*** Opening Supplied data ***
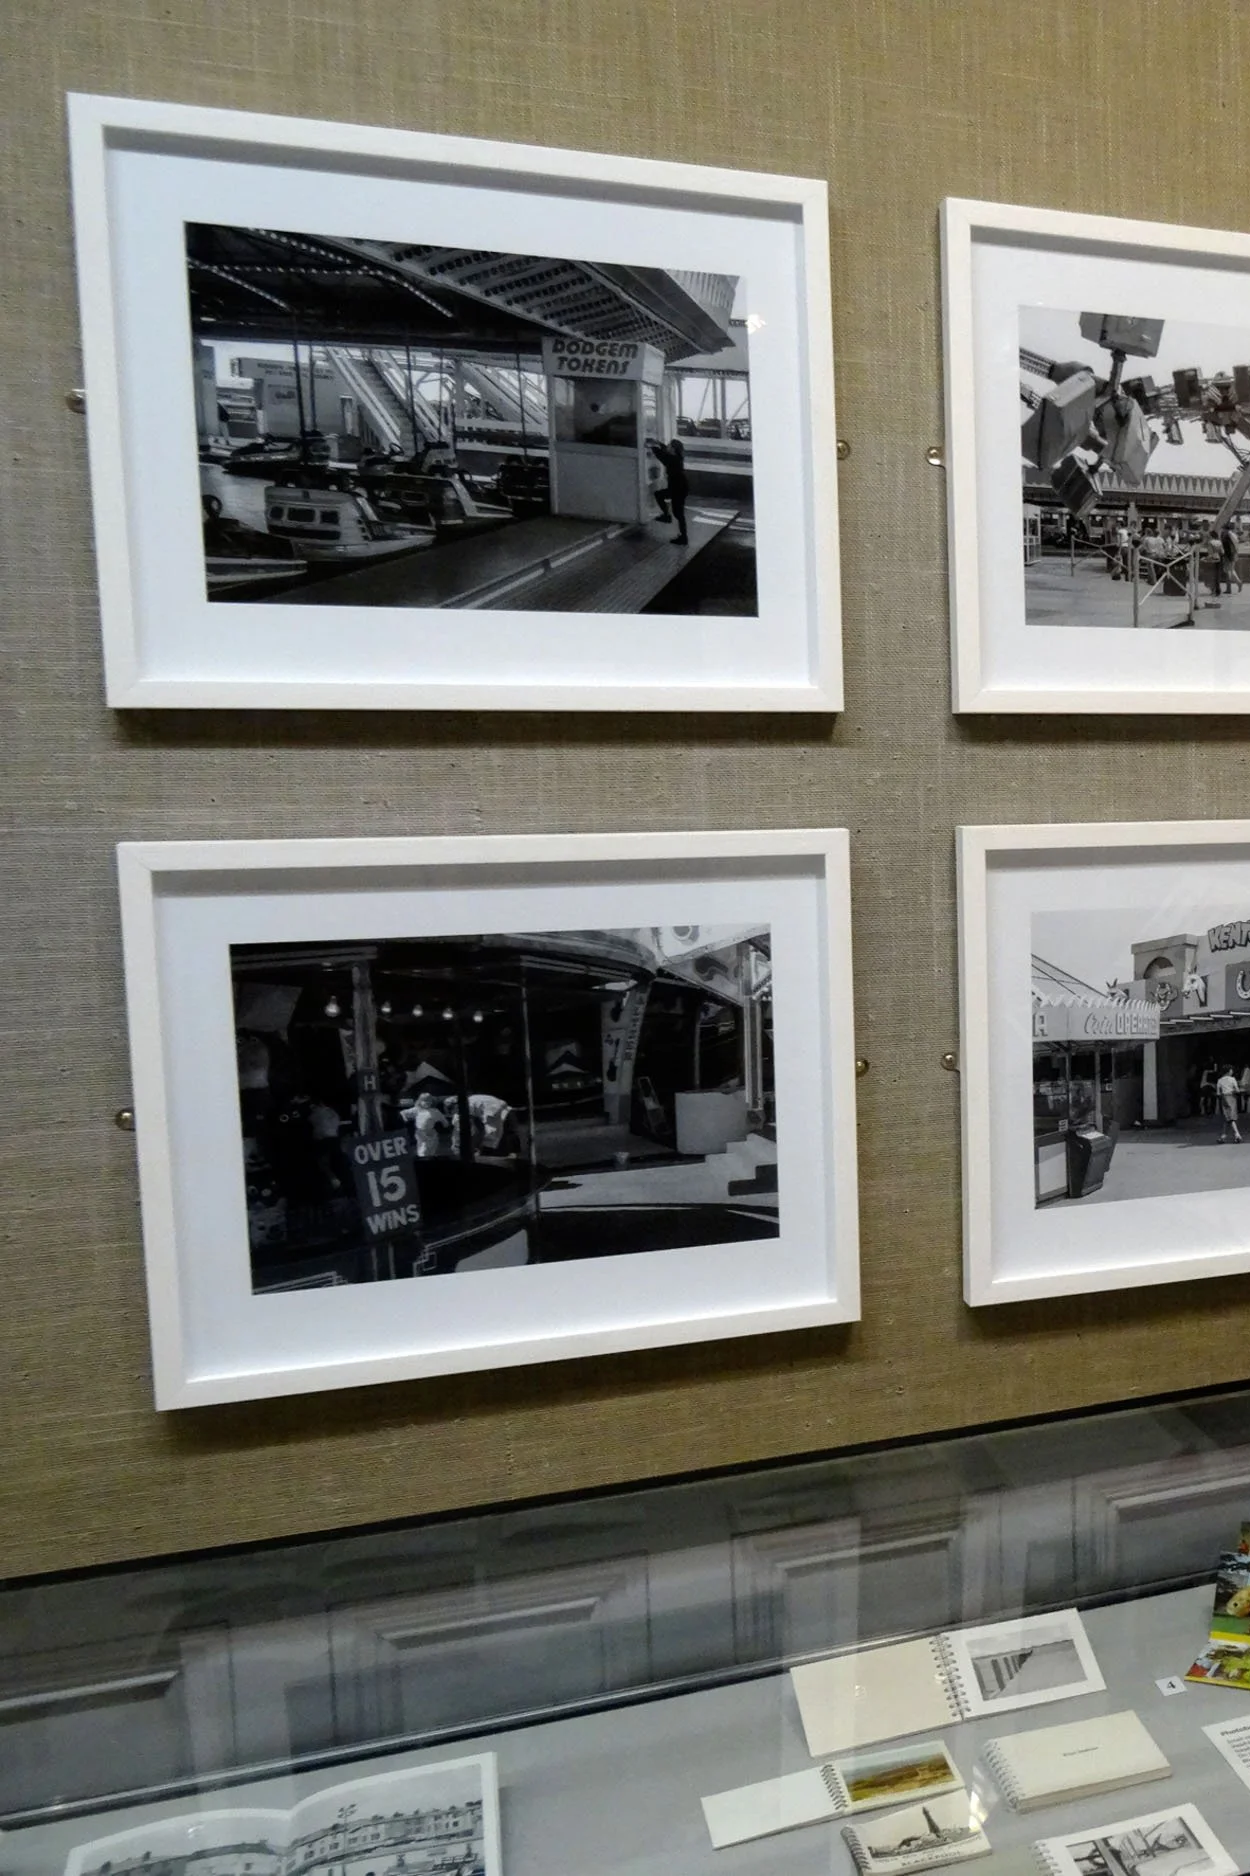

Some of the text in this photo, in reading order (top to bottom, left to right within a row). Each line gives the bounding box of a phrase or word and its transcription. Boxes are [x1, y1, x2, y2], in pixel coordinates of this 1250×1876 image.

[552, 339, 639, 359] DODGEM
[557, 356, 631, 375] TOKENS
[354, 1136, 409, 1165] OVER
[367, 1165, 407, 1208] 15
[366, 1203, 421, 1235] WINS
*** Closing Supplied data ***
How to complete this task | Every line above should be returned exactly; the pictures stay out.

Final answer |
Some of the text in this photo, in reading order (top to bottom, left to right within a row). Each line gives the bounding box of a phrase or word and its transcription. Boxes are [x1, y1, x2, y2], in pixel coordinates of this 1250×1876 image.

[552, 339, 639, 359] DODGEM
[557, 356, 631, 375] TOKENS
[354, 1136, 409, 1165] OVER
[367, 1165, 407, 1208] 15
[366, 1203, 421, 1235] WINS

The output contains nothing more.